— Action item —
Copy the records below in full and leave every image out of the copy.

*** Block opens ***

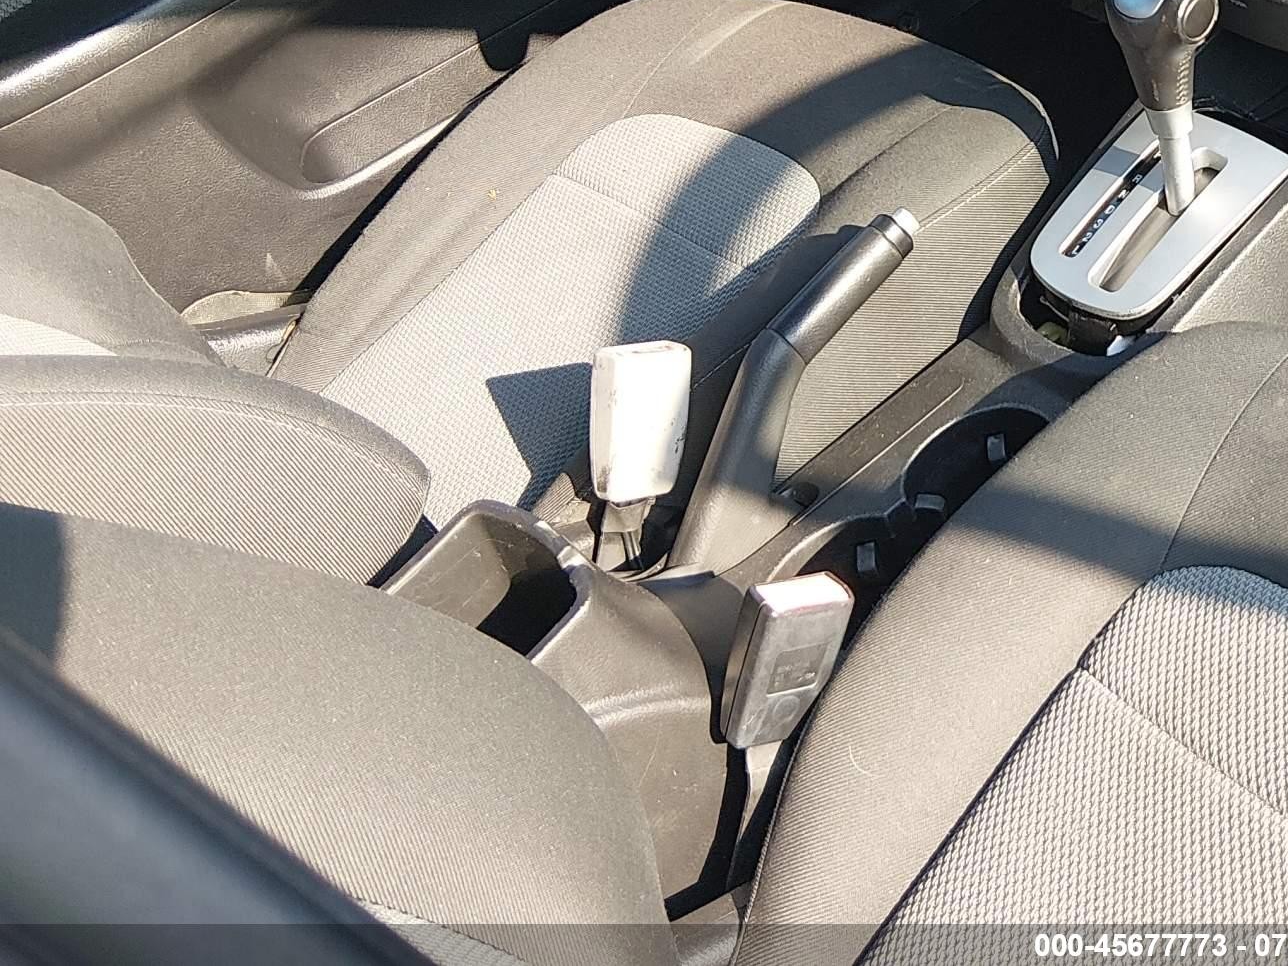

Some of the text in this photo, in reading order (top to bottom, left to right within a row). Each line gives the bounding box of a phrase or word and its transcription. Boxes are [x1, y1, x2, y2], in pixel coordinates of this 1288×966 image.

[1131, 174, 1143, 183] R
[1118, 189, 1131, 199] N
[1104, 204, 1116, 214] D
[1082, 232, 1095, 242] 2
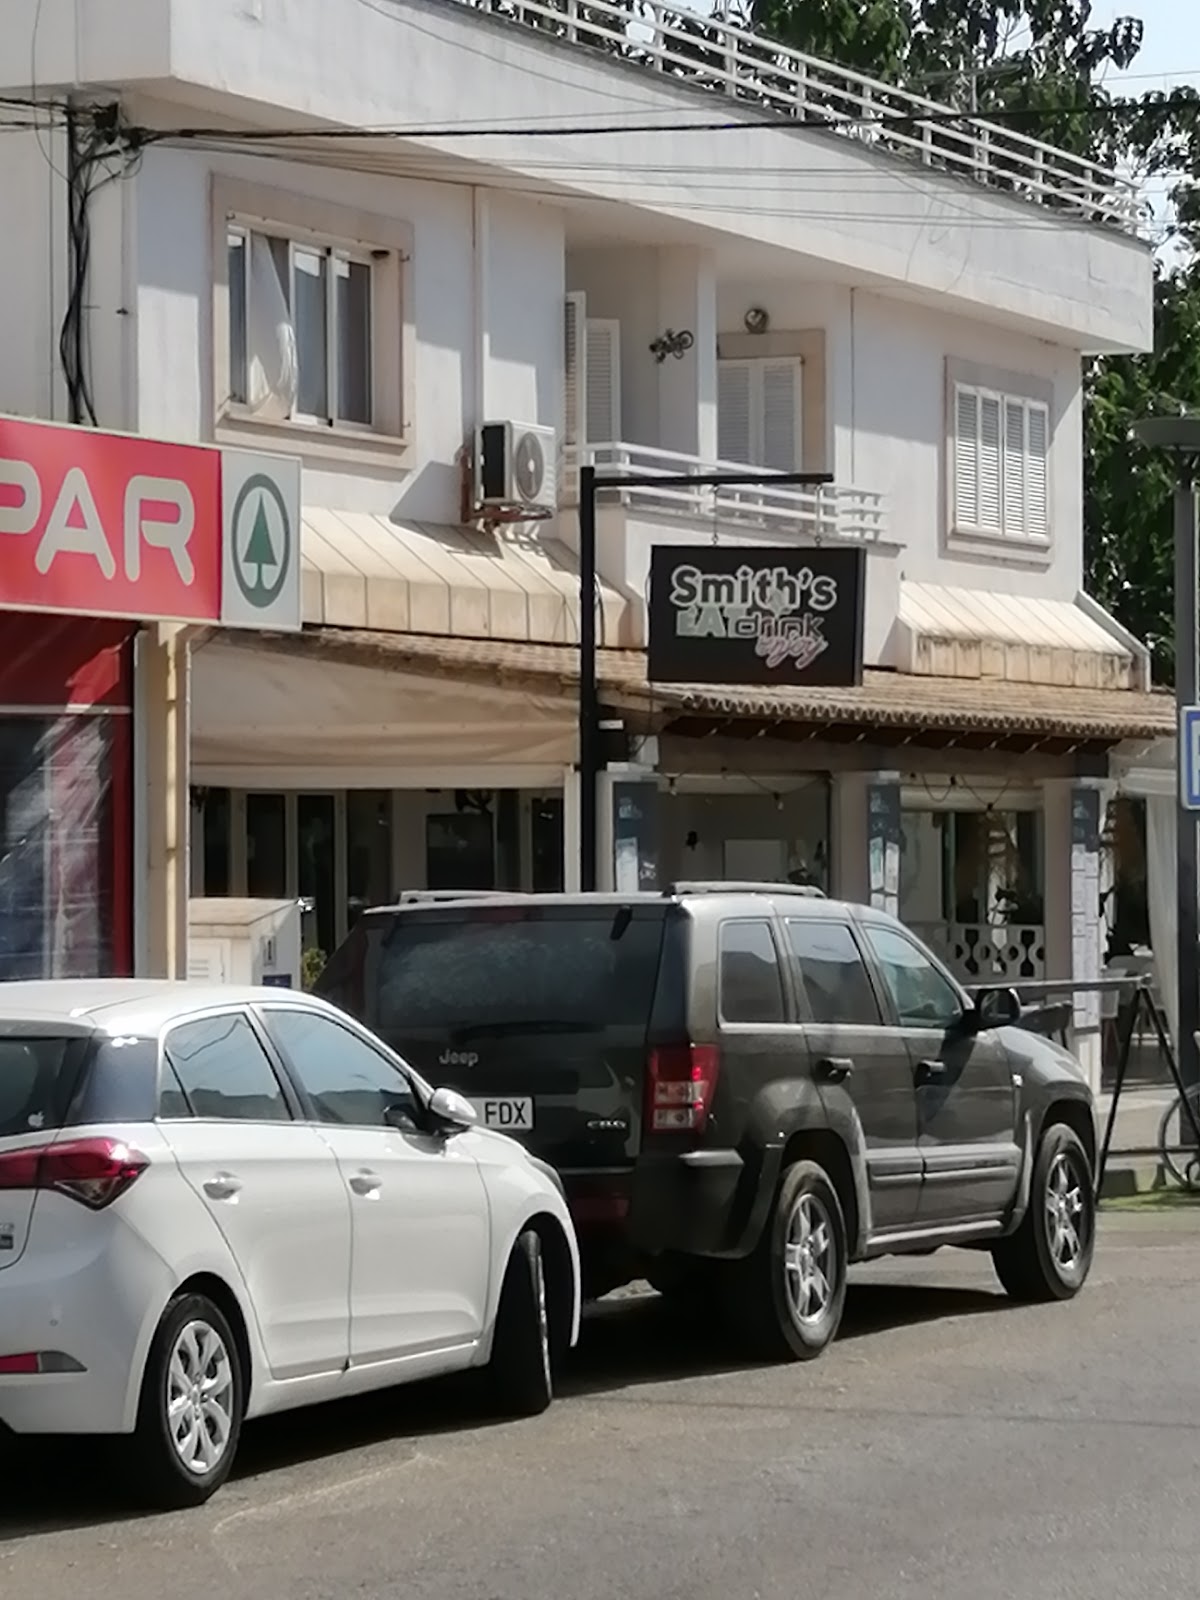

*** Block closes ***

— Solution for this problem —
Some of the text in this photo, in reading order (top to bottom, left to right within a row). Each line gives the bounding box of a phrase or word and its transcription. Boxes are [x1, y1, x2, y2], in pixel coordinates of this 1288×966 image.

[1131, 174, 1143, 183] R
[1118, 189, 1131, 199] N
[1104, 204, 1116, 214] D
[1082, 232, 1095, 242] 2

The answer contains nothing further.